▸ **The problem**: Skip the pictures. Repeat everything else in the records word for word.

▸ **Records supplied**:
<<<<

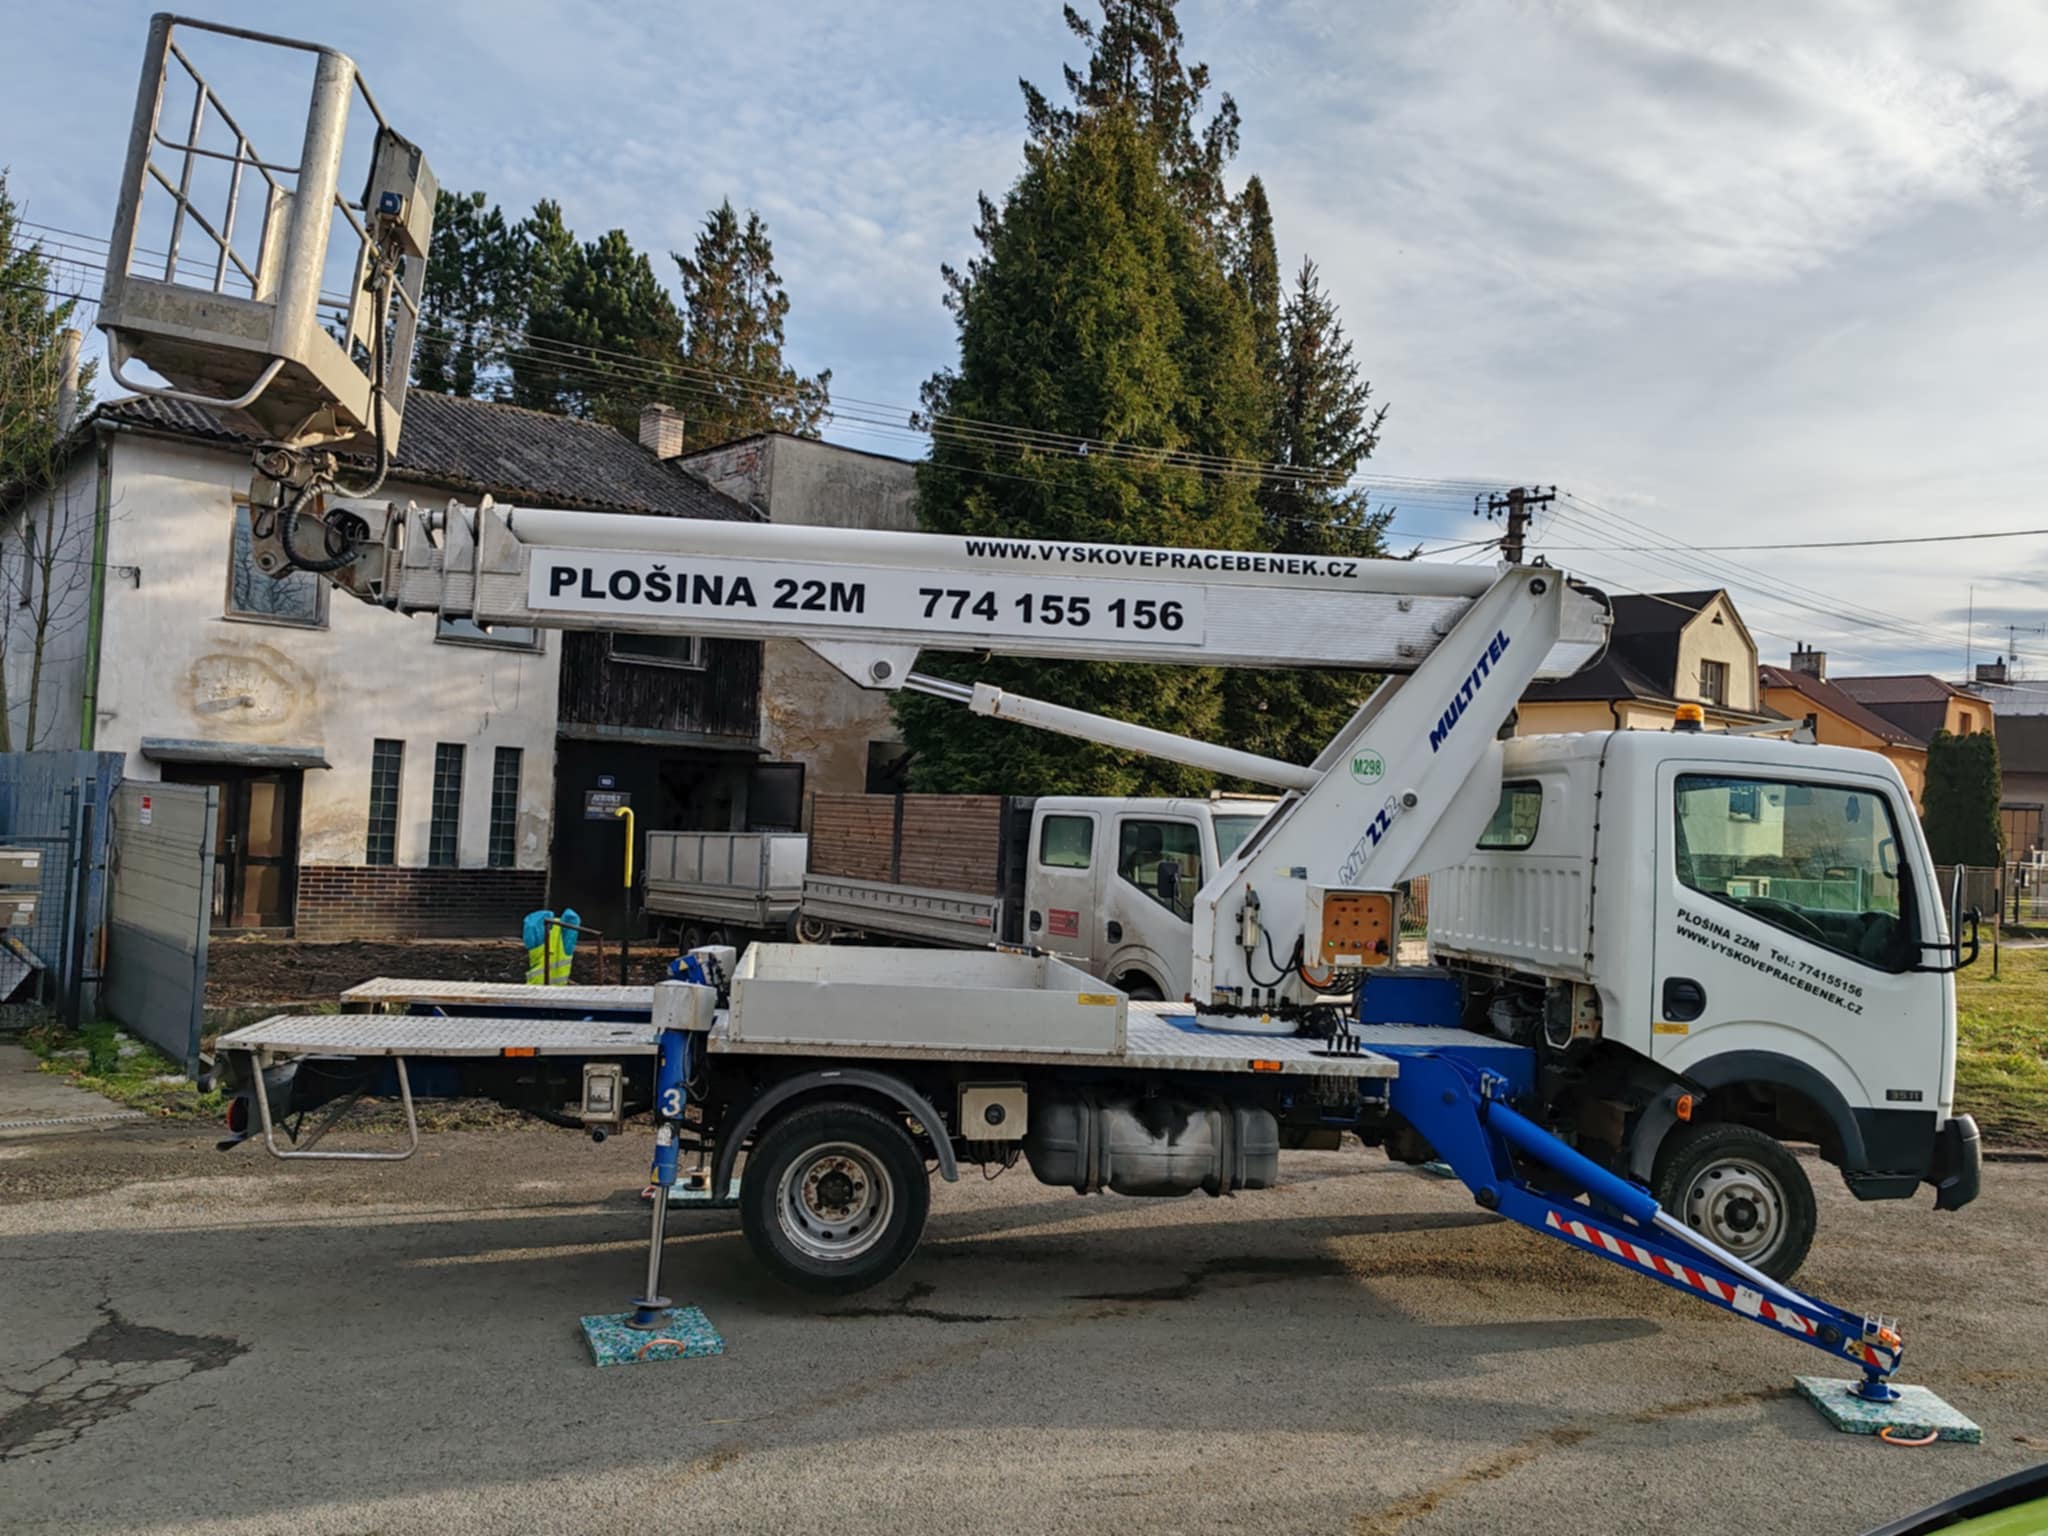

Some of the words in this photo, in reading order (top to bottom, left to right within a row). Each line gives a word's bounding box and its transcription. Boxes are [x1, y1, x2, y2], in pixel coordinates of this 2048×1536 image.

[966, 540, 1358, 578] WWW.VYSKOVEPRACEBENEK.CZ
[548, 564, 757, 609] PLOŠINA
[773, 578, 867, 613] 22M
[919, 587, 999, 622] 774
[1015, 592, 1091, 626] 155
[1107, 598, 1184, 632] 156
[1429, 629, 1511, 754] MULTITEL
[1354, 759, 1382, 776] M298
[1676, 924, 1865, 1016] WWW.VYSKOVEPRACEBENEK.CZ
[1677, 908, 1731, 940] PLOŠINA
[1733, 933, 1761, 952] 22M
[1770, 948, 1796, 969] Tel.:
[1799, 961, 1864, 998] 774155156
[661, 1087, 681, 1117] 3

>>>>

▸ **Output of the task**:
Some of the words in this photo, in reading order (top to bottom, left to right within a row). Each line gives a word's bounding box and its transcription. Boxes are [x1, y1, x2, y2], in pixel coordinates of this 2048×1536 image.

[966, 540, 1358, 578] WWW.VYSKOVEPRACEBENEK.CZ
[548, 564, 757, 609] PLOŠINA
[773, 578, 867, 613] 22M
[919, 587, 999, 622] 774
[1015, 592, 1091, 626] 155
[1107, 598, 1184, 632] 156
[1429, 629, 1511, 754] MULTITEL
[1354, 759, 1382, 776] M298
[1676, 924, 1865, 1016] WWW.VYSKOVEPRACEBENEK.CZ
[1677, 908, 1731, 940] PLOŠINA
[1733, 933, 1761, 952] 22M
[1770, 948, 1796, 969] Tel.:
[1799, 961, 1864, 998] 774155156
[661, 1087, 681, 1117] 3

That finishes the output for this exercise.